Saved data entries:
--- --- ---
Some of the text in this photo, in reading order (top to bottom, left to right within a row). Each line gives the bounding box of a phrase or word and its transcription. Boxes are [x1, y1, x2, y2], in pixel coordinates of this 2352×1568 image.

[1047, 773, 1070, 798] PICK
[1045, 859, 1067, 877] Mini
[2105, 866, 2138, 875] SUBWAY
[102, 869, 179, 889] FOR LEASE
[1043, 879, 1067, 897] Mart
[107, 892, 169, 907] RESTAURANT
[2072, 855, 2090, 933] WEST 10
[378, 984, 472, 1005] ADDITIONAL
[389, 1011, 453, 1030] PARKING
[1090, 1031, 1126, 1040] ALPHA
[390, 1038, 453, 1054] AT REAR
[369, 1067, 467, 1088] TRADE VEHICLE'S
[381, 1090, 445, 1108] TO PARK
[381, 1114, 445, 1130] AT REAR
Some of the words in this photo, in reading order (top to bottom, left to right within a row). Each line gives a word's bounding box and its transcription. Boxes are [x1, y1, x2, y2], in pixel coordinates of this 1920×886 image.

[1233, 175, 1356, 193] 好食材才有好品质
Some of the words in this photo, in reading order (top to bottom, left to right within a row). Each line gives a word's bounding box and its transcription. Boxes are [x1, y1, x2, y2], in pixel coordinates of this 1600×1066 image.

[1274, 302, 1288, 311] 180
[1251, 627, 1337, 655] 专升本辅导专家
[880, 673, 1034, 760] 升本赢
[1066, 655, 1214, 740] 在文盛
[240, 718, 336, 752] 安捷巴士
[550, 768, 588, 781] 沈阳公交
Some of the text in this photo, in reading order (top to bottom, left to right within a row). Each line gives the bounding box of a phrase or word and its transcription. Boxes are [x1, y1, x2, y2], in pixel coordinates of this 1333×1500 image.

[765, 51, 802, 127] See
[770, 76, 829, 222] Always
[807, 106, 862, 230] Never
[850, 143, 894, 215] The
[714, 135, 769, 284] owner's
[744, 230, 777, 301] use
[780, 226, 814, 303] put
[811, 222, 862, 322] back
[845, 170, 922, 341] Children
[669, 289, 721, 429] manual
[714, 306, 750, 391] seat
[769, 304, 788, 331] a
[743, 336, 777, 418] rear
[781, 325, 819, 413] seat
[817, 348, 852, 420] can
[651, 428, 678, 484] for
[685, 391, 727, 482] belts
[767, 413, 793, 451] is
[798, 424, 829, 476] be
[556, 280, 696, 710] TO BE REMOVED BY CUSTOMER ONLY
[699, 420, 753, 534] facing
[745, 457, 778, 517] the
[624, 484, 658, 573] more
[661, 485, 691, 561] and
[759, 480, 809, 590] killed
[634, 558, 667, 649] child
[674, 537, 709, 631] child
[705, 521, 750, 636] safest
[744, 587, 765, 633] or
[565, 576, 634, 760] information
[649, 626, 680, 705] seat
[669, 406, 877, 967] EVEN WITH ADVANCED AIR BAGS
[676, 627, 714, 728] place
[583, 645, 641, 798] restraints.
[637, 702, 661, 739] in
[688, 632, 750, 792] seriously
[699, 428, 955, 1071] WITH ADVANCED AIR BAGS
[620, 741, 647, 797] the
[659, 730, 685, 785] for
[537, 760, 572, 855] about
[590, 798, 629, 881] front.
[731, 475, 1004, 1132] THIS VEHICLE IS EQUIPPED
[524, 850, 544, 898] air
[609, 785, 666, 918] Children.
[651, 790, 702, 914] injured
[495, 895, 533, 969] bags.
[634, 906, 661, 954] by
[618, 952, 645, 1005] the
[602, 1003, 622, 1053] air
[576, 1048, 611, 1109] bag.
--- --- ---
Write the entries out once more, exactly as they appear.

> SOLUTION BELOW:
Some of the text in this photo, in reading order (top to bottom, left to right within a row). Each line gives the bounding box of a phrase or word and its transcription. Boxes are [x1, y1, x2, y2], in pixel coordinates of this 2352×1568 image.

[1047, 773, 1070, 798] PICK
[1045, 859, 1067, 877] Mini
[2105, 866, 2138, 875] SUBWAY
[102, 869, 179, 889] FOR LEASE
[1043, 879, 1067, 897] Mart
[107, 892, 169, 907] RESTAURANT
[2072, 855, 2090, 933] WEST 10
[378, 984, 472, 1005] ADDITIONAL
[389, 1011, 453, 1030] PARKING
[1090, 1031, 1126, 1040] ALPHA
[390, 1038, 453, 1054] AT REAR
[369, 1067, 467, 1088] TRADE VEHICLE'S
[381, 1090, 445, 1108] TO PARK
[381, 1114, 445, 1130] AT REAR
Some of the words in this photo, in reading order (top to bottom, left to right within a row). Each line gives a word's bounding box and its transcription. Boxes are [x1, y1, x2, y2], in pixel coordinates of this 1920×886 image.

[1233, 175, 1356, 193] 好食材才有好品质
Some of the words in this photo, in reading order (top to bottom, left to right within a row). Each line gives a word's bounding box and its transcription. Boxes are [x1, y1, x2, y2], in pixel coordinates of this 1600×1066 image.

[1274, 302, 1288, 311] 180
[1251, 627, 1337, 655] 专升本辅导专家
[880, 673, 1034, 760] 升本赢
[1066, 655, 1214, 740] 在文盛
[240, 718, 336, 752] 安捷巴士
[550, 768, 588, 781] 沈阳公交
Some of the text in this photo, in reading order (top to bottom, left to right within a row). Each line gives the bounding box of a phrase or word and its transcription. Boxes are [x1, y1, x2, y2], in pixel coordinates of this 1333×1500 image.

[765, 51, 802, 127] See
[770, 76, 829, 222] Always
[807, 106, 862, 230] Never
[850, 143, 894, 215] The
[714, 135, 769, 284] owner's
[744, 230, 777, 301] use
[780, 226, 814, 303] put
[811, 222, 862, 322] back
[845, 170, 922, 341] Children
[669, 289, 721, 429] manual
[714, 306, 750, 391] seat
[769, 304, 788, 331] a
[743, 336, 777, 418] rear
[781, 325, 819, 413] seat
[817, 348, 852, 420] can
[651, 428, 678, 484] for
[685, 391, 727, 482] belts
[767, 413, 793, 451] is
[798, 424, 829, 476] be
[556, 280, 696, 710] TO BE REMOVED BY CUSTOMER ONLY
[699, 420, 753, 534] facing
[745, 457, 778, 517] the
[624, 484, 658, 573] more
[661, 485, 691, 561] and
[759, 480, 809, 590] killed
[634, 558, 667, 649] child
[674, 537, 709, 631] child
[705, 521, 750, 636] safest
[744, 587, 765, 633] or
[565, 576, 634, 760] information
[649, 626, 680, 705] seat
[669, 406, 877, 967] EVEN WITH ADVANCED AIR BAGS
[676, 627, 714, 728] place
[583, 645, 641, 798] restraints.
[637, 702, 661, 739] in
[688, 632, 750, 792] seriously
[699, 428, 955, 1071] WITH ADVANCED AIR BAGS
[620, 741, 647, 797] the
[659, 730, 685, 785] for
[537, 760, 572, 855] about
[590, 798, 629, 881] front.
[731, 475, 1004, 1132] THIS VEHICLE IS EQUIPPED
[524, 850, 544, 898] air
[609, 785, 666, 918] Children.
[651, 790, 702, 914] injured
[495, 895, 533, 969] bags.
[634, 906, 661, 954] by
[618, 952, 645, 1005] the
[602, 1003, 622, 1053] air
[576, 1048, 611, 1109] bag.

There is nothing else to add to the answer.